*Task statement*: Copy nothing but the text: repeat each entry exactly and drop the images.

*Given information*:
☆ ☆ ☆ ☆ ☆

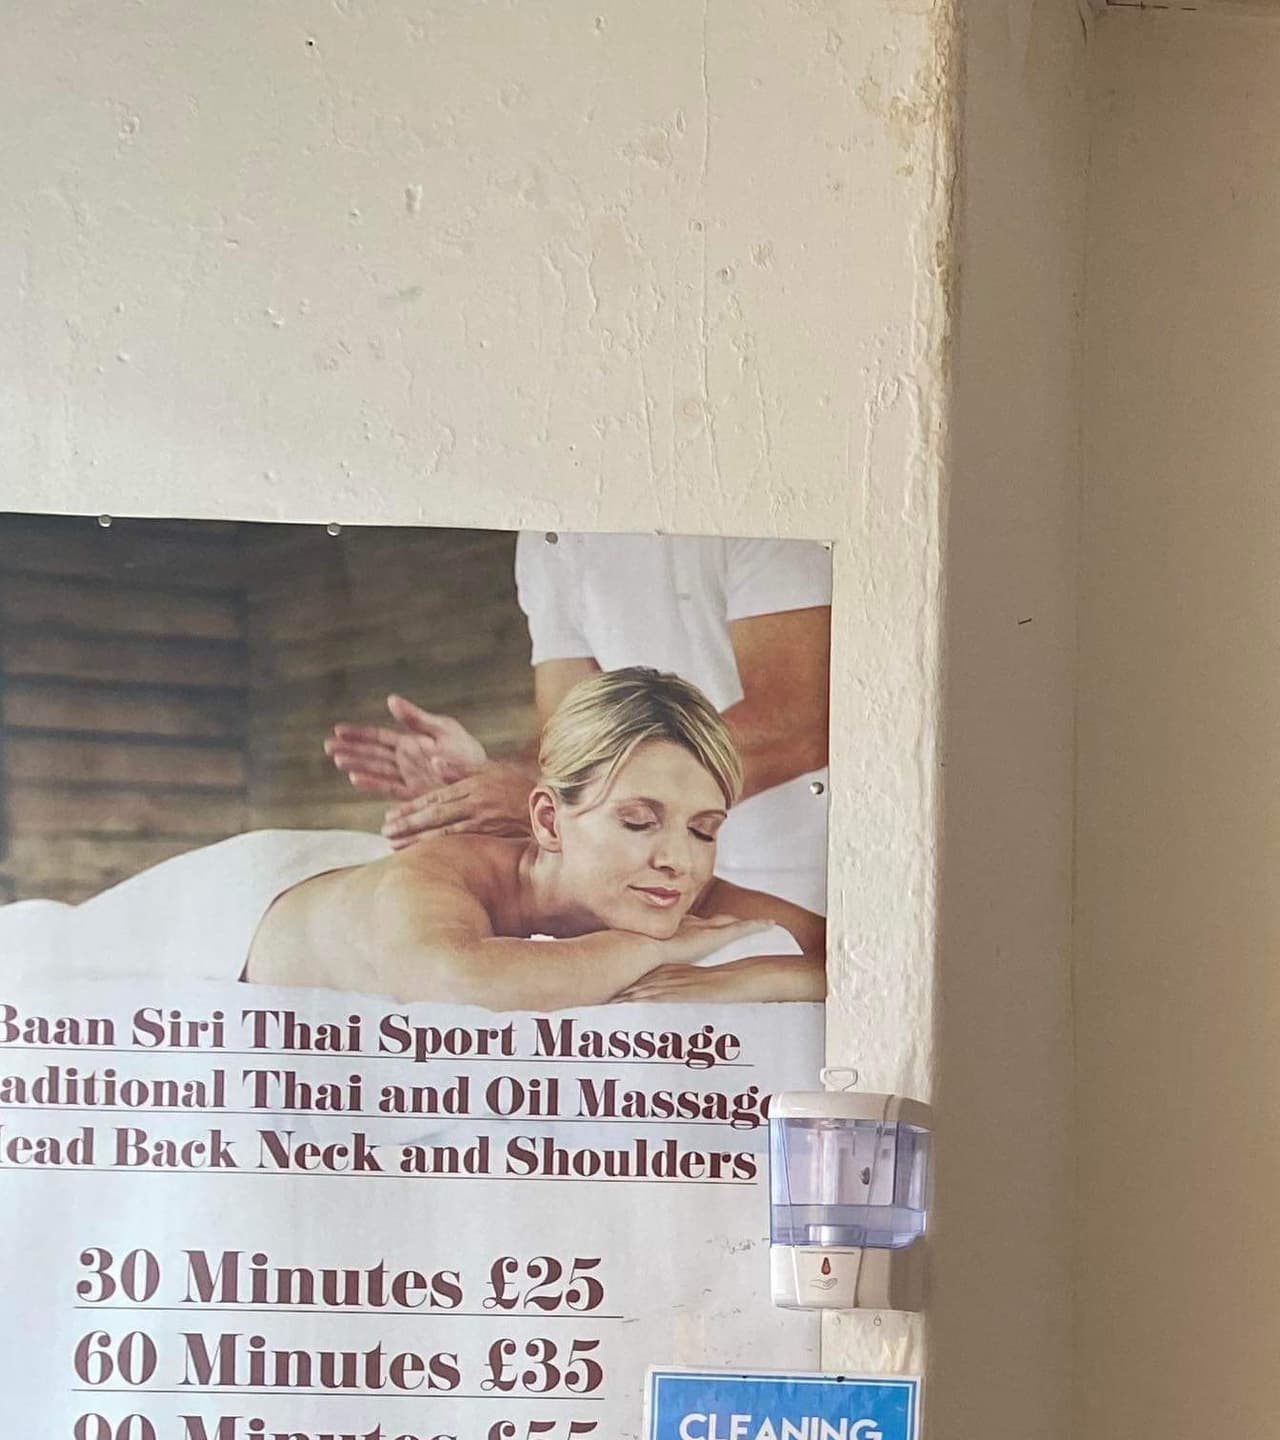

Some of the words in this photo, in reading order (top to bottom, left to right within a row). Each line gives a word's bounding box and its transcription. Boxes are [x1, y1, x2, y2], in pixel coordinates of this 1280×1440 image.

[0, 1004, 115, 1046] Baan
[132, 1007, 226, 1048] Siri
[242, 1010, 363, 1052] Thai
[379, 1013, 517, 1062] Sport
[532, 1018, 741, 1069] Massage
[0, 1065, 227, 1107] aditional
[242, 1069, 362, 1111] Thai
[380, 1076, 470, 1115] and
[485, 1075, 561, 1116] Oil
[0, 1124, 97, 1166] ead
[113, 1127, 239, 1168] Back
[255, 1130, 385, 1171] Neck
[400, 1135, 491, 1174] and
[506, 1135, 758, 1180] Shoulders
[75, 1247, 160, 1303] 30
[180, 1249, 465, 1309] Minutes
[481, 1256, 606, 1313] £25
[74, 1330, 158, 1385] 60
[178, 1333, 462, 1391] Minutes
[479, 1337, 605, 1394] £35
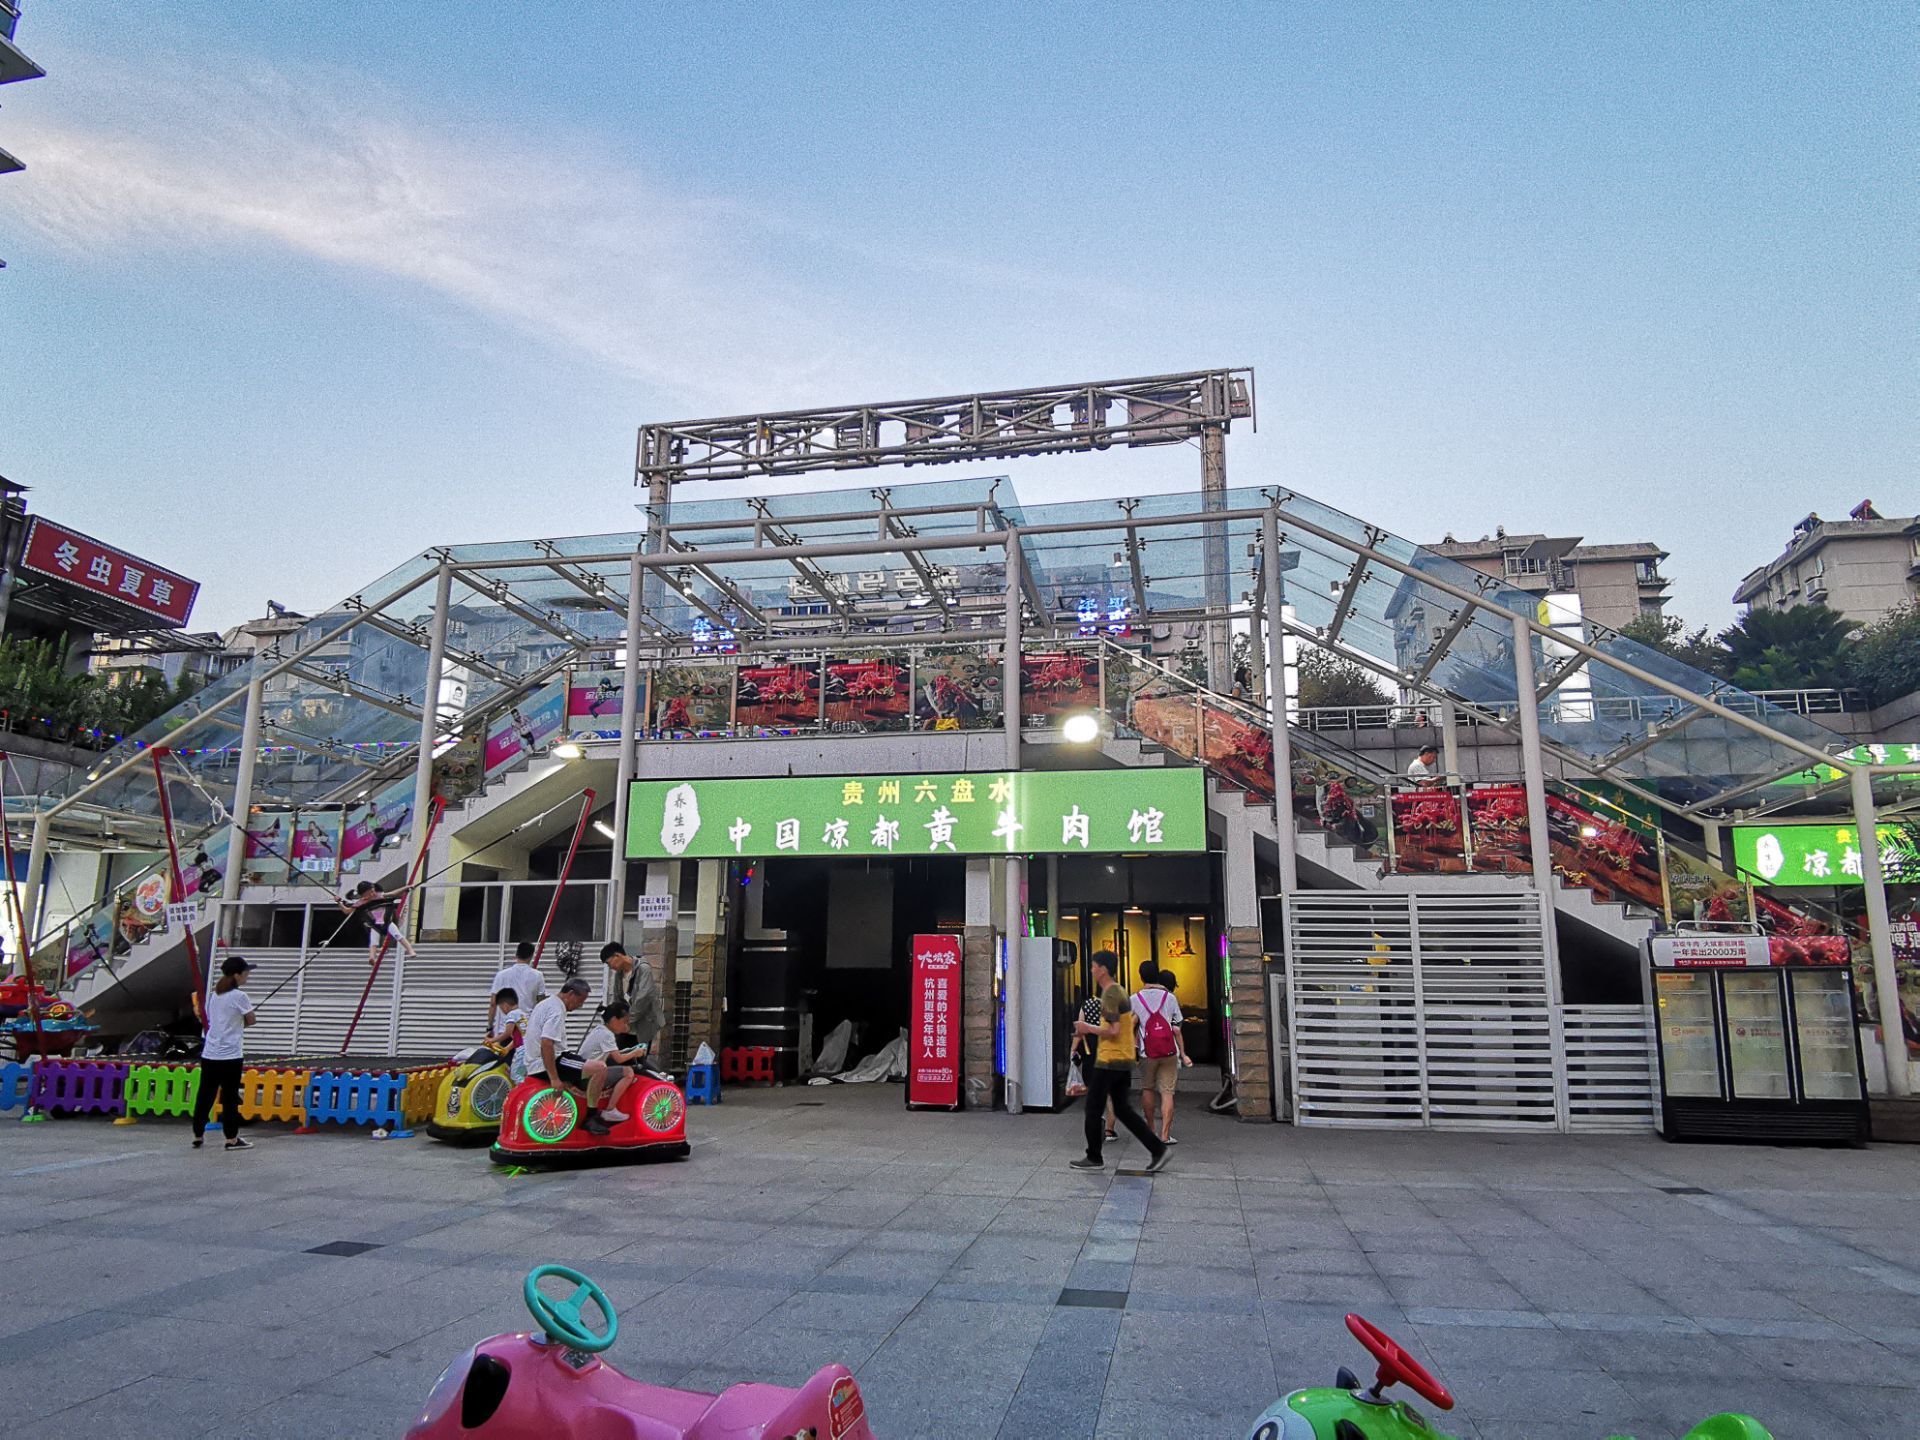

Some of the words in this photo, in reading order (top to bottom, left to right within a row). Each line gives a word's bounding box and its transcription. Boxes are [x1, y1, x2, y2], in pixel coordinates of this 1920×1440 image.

☆ ☆ ☆ ☆ ☆

*Response box*:
Some of the words in this photo, in reading order (top to bottom, left to right within a row). Each line gives a word's bounding box and its transcription. Boxes are [x1, y1, x2, y2], in pixel coordinates of this 1280×1440 image.

[0, 1004, 115, 1046] Baan
[132, 1007, 226, 1048] Siri
[242, 1010, 363, 1052] Thai
[379, 1013, 517, 1062] Sport
[532, 1018, 741, 1069] Massage
[0, 1065, 227, 1107] aditional
[242, 1069, 362, 1111] Thai
[380, 1076, 470, 1115] and
[485, 1075, 561, 1116] Oil
[0, 1124, 97, 1166] ead
[113, 1127, 239, 1168] Back
[255, 1130, 385, 1171] Neck
[400, 1135, 491, 1174] and
[506, 1135, 758, 1180] Shoulders
[75, 1247, 160, 1303] 30
[180, 1249, 465, 1309] Minutes
[481, 1256, 606, 1313] £25
[74, 1330, 158, 1385] 60
[178, 1333, 462, 1391] Minutes
[479, 1337, 605, 1394] £35

Some of the words in this photo, in reading order (top to bottom, left to right within a row). Each line gives a word's bounding box and its transcription. Boxes are [x1, y1, x2, y2], in pixel coordinates of this 1920×1440 image.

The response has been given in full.